Una historia del escritor juarense Francisco Romo, para reflexionar sobre los valores presentes en este acontecimiento que cambió al mundo…
Francisco Romo Ontiveros/escritor
–¡Está más que claro! –dijo Fernando mientras dejaba caer su puño de ocho años sobre una de las bancas del patio, con lo que le dio mayor peso a su afirmación. Luego, el niño movió la cabeza, de manera lenta de un lado a otro, en clara negativa, para concluir con total firmeza–: ¡No tienes ninguna oportunidad!
Los demás alumnos correteaban y jugaban durante el recreo del último día de clases, antes de iniciar las vacaciones de Navidad. Jesly, aunque en el fondo estaba de acuerdo con la resolución del pequeño Fernando, se opuso y lo llamó «bobo»–:
¡Tú qué vas a saber, bobo, ni que fueras el gran sabelotodo!

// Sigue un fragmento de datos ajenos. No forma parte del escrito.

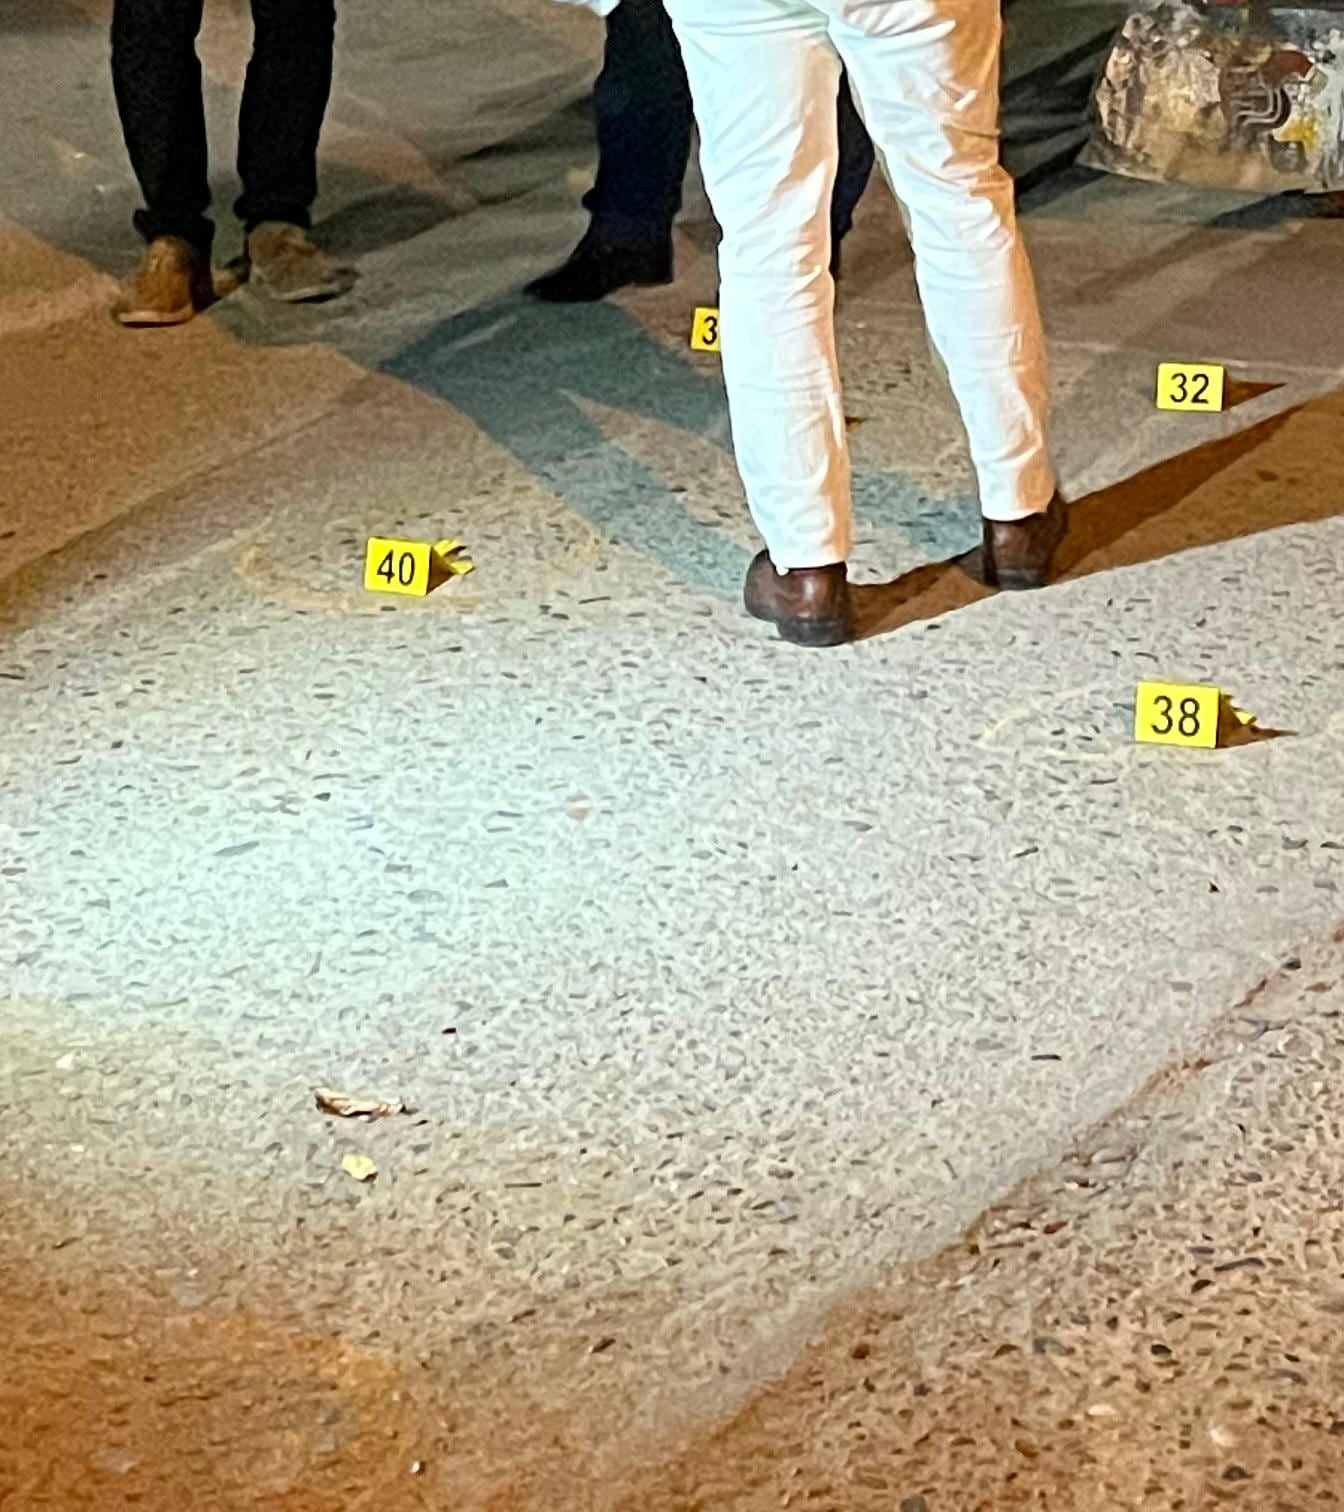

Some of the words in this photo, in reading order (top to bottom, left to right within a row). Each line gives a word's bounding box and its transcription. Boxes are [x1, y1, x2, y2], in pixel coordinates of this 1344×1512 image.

[1170, 372, 1209, 404] 32
[377, 549, 415, 586] 40
[1151, 695, 1200, 737] 38

Pero Jesly, bien que lo sabía. Pidió la opinión de Fernando solo para mantener vivo un rayito de esperanza, más a estas alturas, cuando las clases están por terminar y los comercios se visten de adornos coloridos, crecen pinos con luces muy brillantes en las plazas y sobre las calles del centro de la ciudad cuelgan esferas con flores iluminadas, alcanzar con buenas acciones revertir todo un año de mal comportamiento resulta, prácticamente, imposible. De manera que es oficial: Jesly forma parte del grupo selecto de quienes no recibirán regalo de Navidad a causa de su indisciplina. «Al cabo que ni me importa» pensó Jesly, y en ese momento sonó el timbre en el patio de la escuela para anunciar que el recreo terminaba; y en cuestión de horas, concluiría también la jornada escolar.

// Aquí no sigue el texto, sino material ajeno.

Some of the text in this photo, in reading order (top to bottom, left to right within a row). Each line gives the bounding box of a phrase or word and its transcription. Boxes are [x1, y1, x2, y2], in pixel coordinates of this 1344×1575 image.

–Eso de recibir regalos por portarse bien es algo tonto– dijo más tarde Jesly a su abuela, ya de camino a casa.
–Nada de eso, Jesly –respondió su abuela–. A todos los niños que se han esforzado por obedecer a sus mayores, en cumplir con sus tareas, alimentarse bien, irse a dormir a sus horas, se ven recompensados de una u otra forma en Navidad.
–Yo no quiero recompensas –insistió Jesly, al tiempo que comenzó, desde su asiento en la parte posterior del auto, a patear el sillón que tenía delante, lo que casi provoca un accidente, pues su abuela casi pierde el control del volante tras la sorpresiva zangoloteada del respaldo.
Desobediencia absoluta
La realidad era que Jesly estaba apesadumbrada. Intentaba en su mente encontrar solución al dilema: «Ese Fernando es un bobo, él qué va a saber», pensaba para darse consuelo, pero durante los siguientes días recordó algunos de los incidentes que le habían ganado (si es que su amiguito tenía razón) un lugar especial en el grupo de las personas que se quedarán esta Navidad sin un bonito regalo. Jesly se acordó, por ejemplo, de aquella ocasión en la que, tras la continua insistencia de su madre por lograr que su hija se bañara, ésta, durante un paseo familiar, de manera inesperada aprovechó la fuente en la plaza de San Sebastián para meterse al agua, en un acto de desobediencia absoluta, pues, resulta claro que está prohibido a chicos y grandes zambullirse en las fuentes. Jesly nadó de un lugar a otro por tres cuartos de hora, ante la mirada estupefacta de la gente que se agrupó en torno a ella para observarla brincotear entre grandes chorros de agua.
–¡Si lo que quieren es que me bañe, pues aquí lo tienen! –gritaba Jesly mientras improvisaba diferentes nados–. ¡Quedaré limpia!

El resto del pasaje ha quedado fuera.